__Task requirements__:
Repeat the records below exactly, leaving out every picture.

__Supplied entries__:

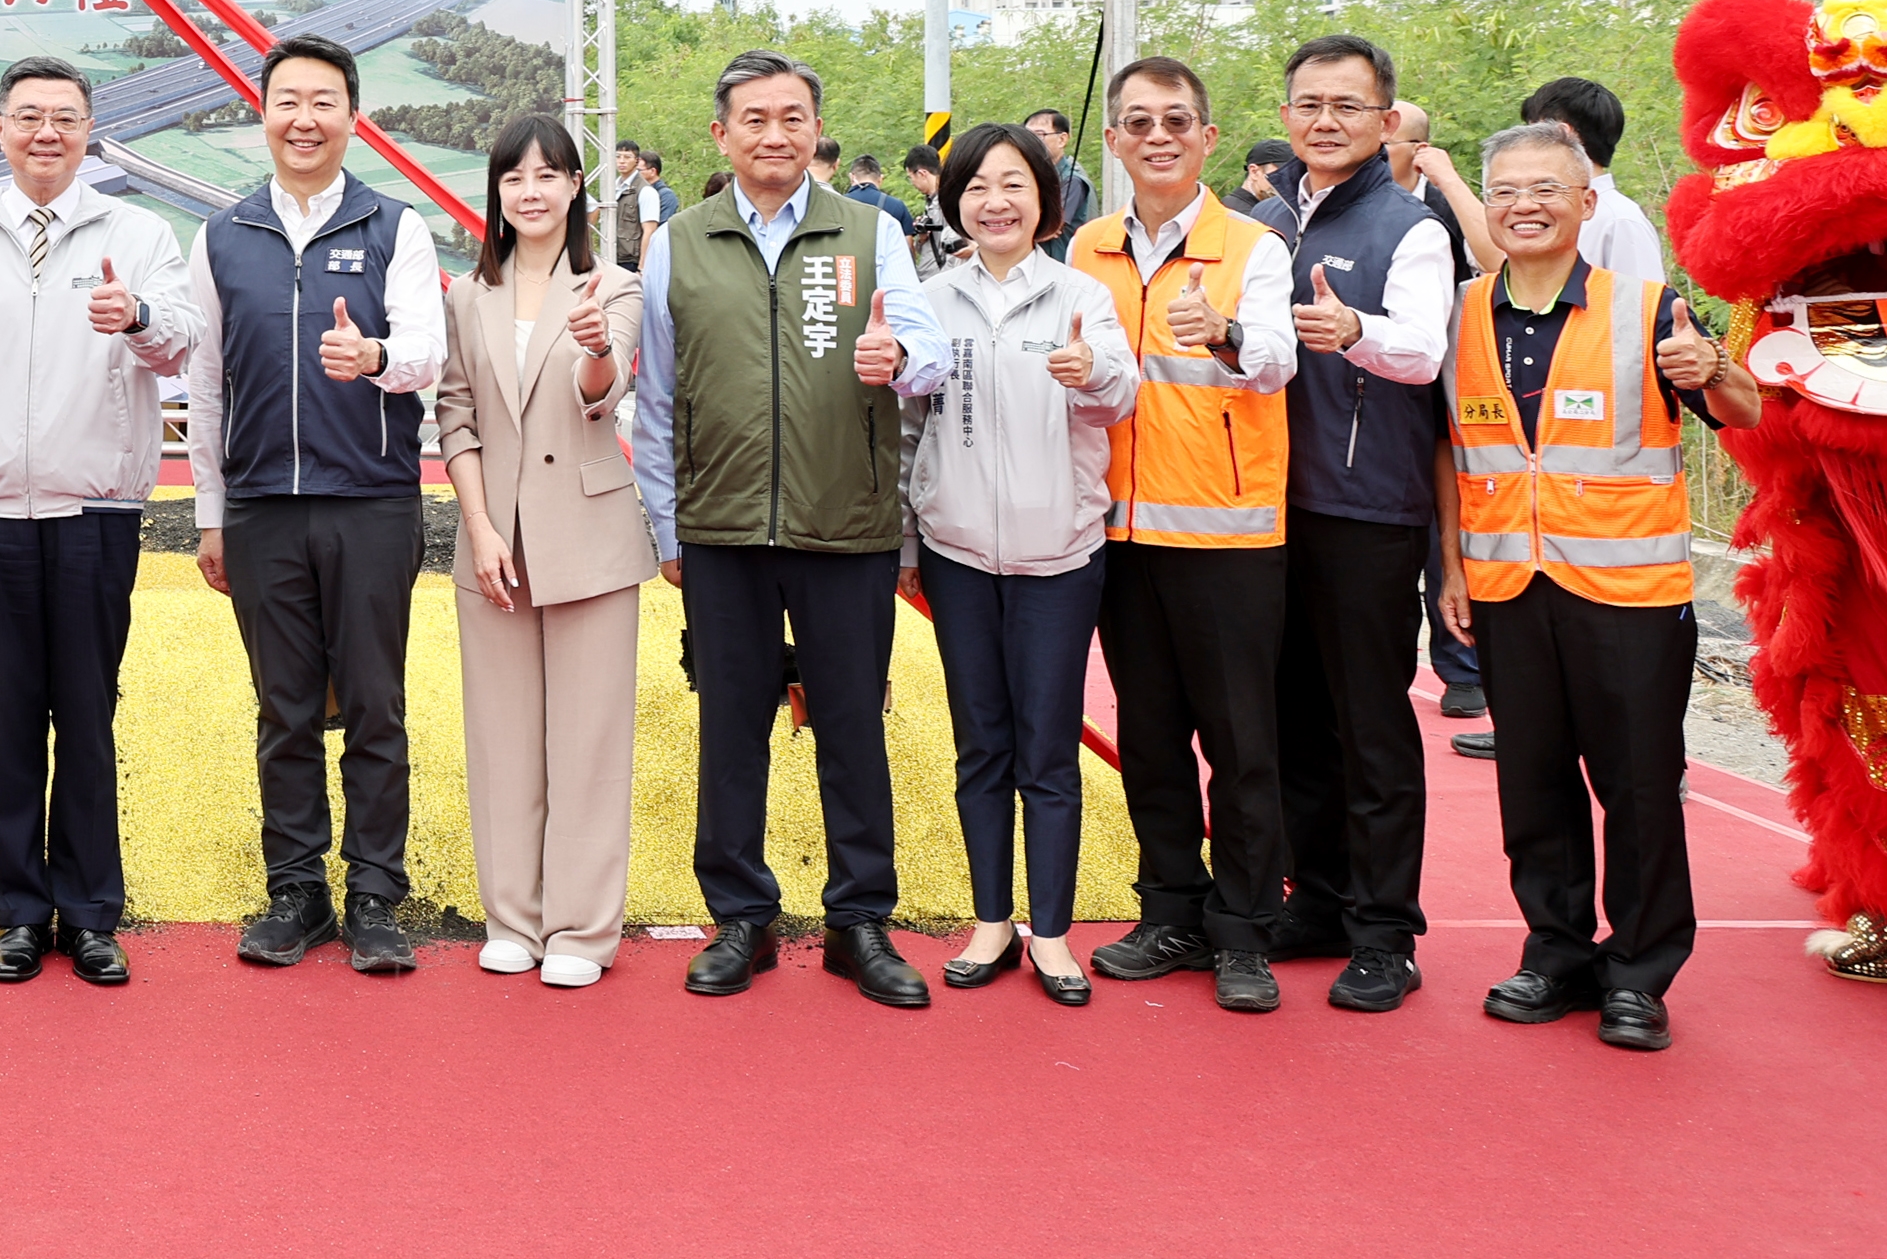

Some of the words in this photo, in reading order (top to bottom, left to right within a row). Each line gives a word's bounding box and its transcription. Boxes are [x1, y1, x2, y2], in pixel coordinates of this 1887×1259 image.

[800, 255, 838, 359] 王定宇
[839, 257, 853, 305] 立法委員
[962, 338, 974, 448] 雲嘉南區聯合服務中心
[1464, 402, 1505, 420] 分局長
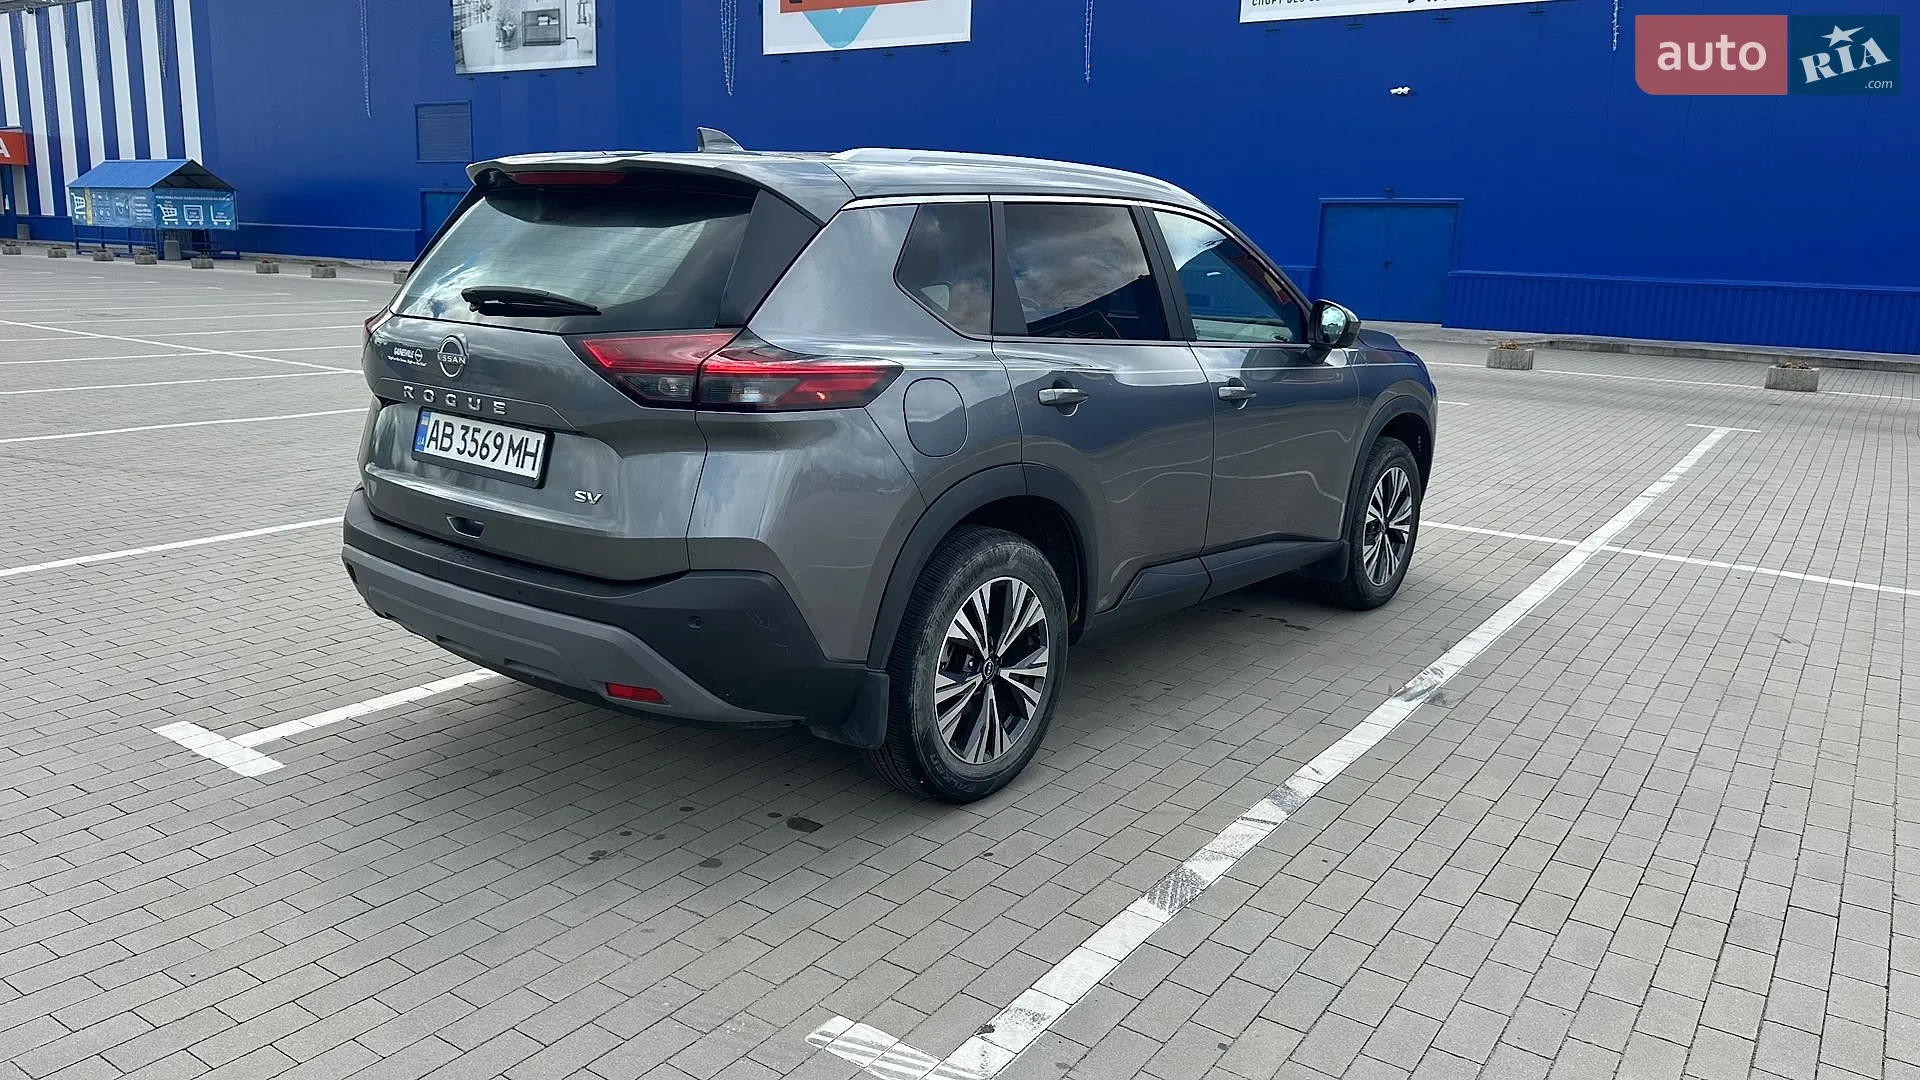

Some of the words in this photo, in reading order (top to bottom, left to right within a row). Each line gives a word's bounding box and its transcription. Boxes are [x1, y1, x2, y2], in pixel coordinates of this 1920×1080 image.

[402, 385, 508, 415] ROGUE
[426, 419, 455, 452] AB
[456, 424, 505, 463] 3569
[504, 434, 541, 472] MH
[573, 490, 604, 506] SV
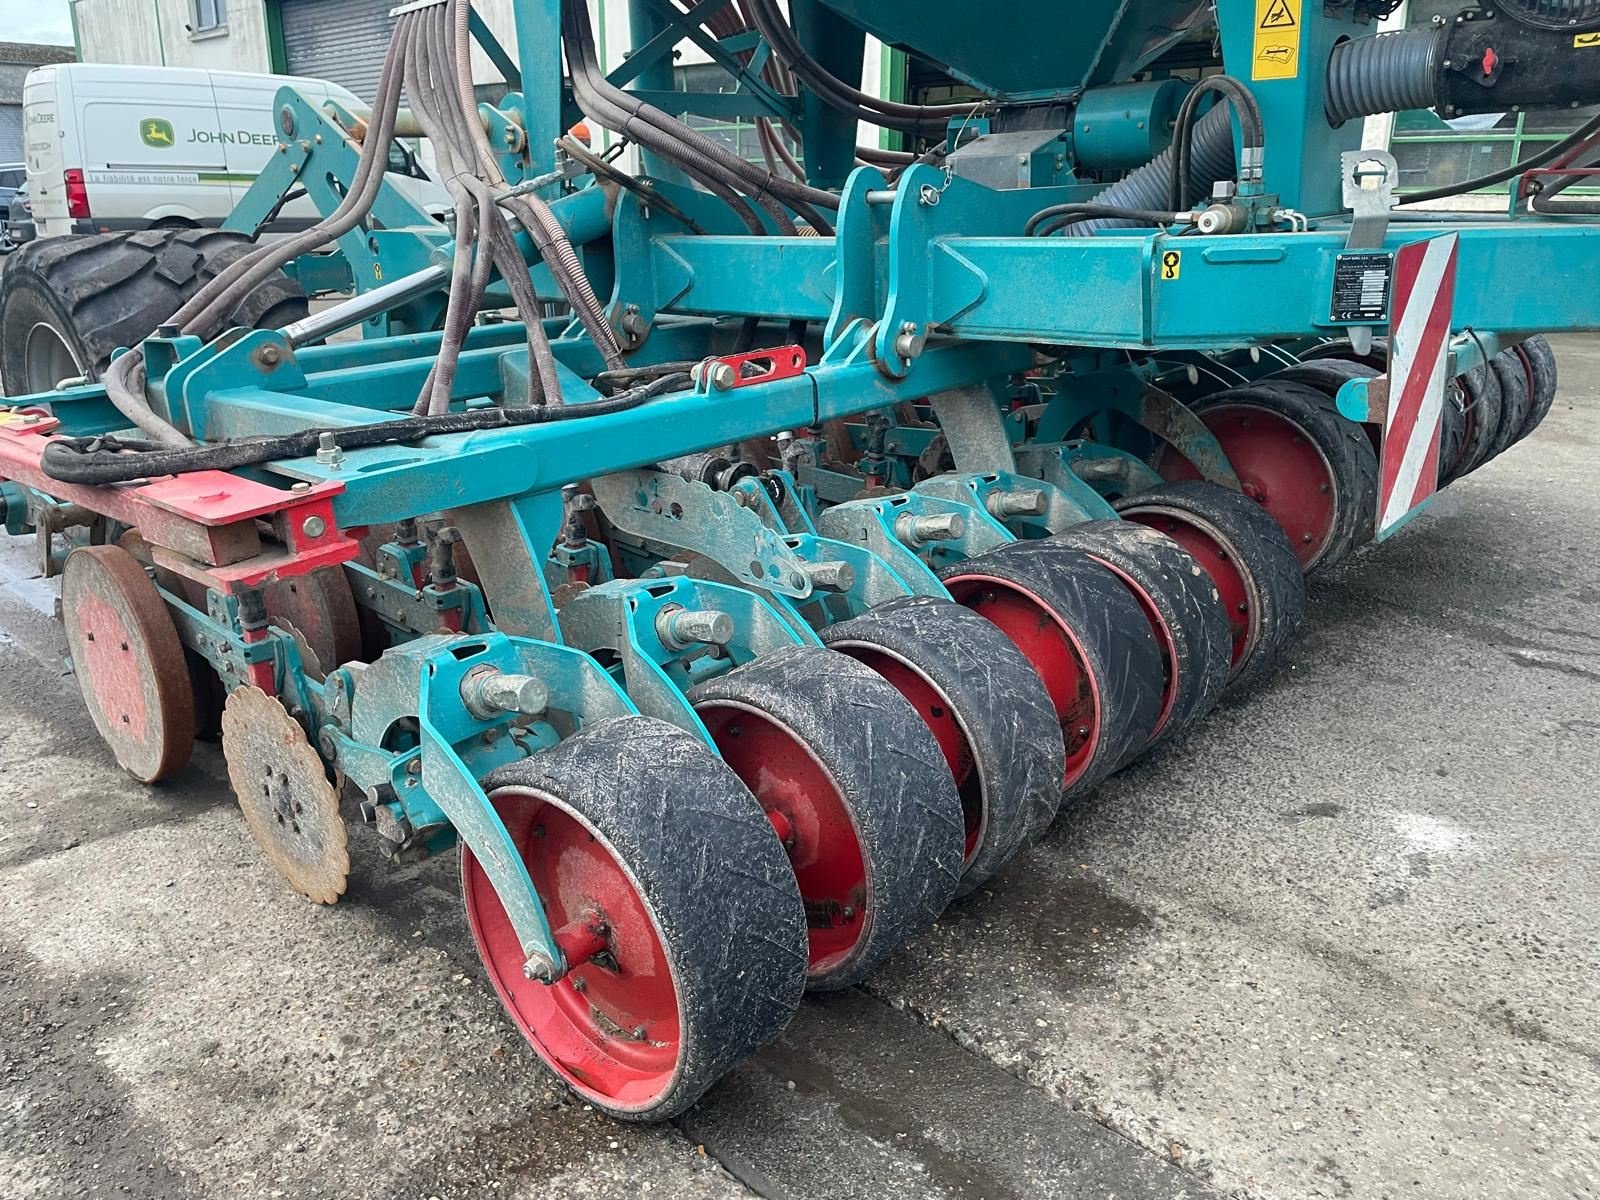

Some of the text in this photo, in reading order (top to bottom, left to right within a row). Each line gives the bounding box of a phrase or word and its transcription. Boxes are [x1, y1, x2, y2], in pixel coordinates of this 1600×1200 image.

[187, 128, 235, 144] JOHN
[89, 173, 100, 184] La
[137, 174, 151, 184] est
[153, 175, 175, 185] notre
[176, 175, 197, 185] force

__Reply__:
Some of the words in this photo, in reading order (top to bottom, left to right within a row). Each line gives a word's bounding box and its transcription. Boxes are [x1, y1, x2, y2], in pixel coordinates of this 1887×1259 image.

[800, 255, 838, 359] 王定宇
[839, 257, 853, 305] 立法委員
[962, 338, 974, 448] 雲嘉南區聯合服務中心
[1464, 402, 1505, 420] 分局長

Some of the words in this photo, in reading order (top to bottom, left to right within a row). Each line gives a word's bounding box and its transcription. Boxes are [x1, y1, x2, y2], in pixel coordinates of this 1920×1080 image.

[402, 385, 508, 415] ROGUE
[426, 419, 455, 452] AB
[456, 424, 505, 463] 3569
[504, 434, 541, 472] MH
[573, 490, 604, 506] SV

Some of the text in this photo, in reading order (top to bottom, left to right within a row). Each line gives the bounding box of a phrase or word and its transcription. Boxes are [x1, y1, x2, y2], in pixel coordinates of this 1600×1200 image.

[187, 128, 235, 144] JOHN
[89, 173, 100, 184] La
[137, 174, 151, 184] est
[153, 175, 175, 185] notre
[176, 175, 197, 185] force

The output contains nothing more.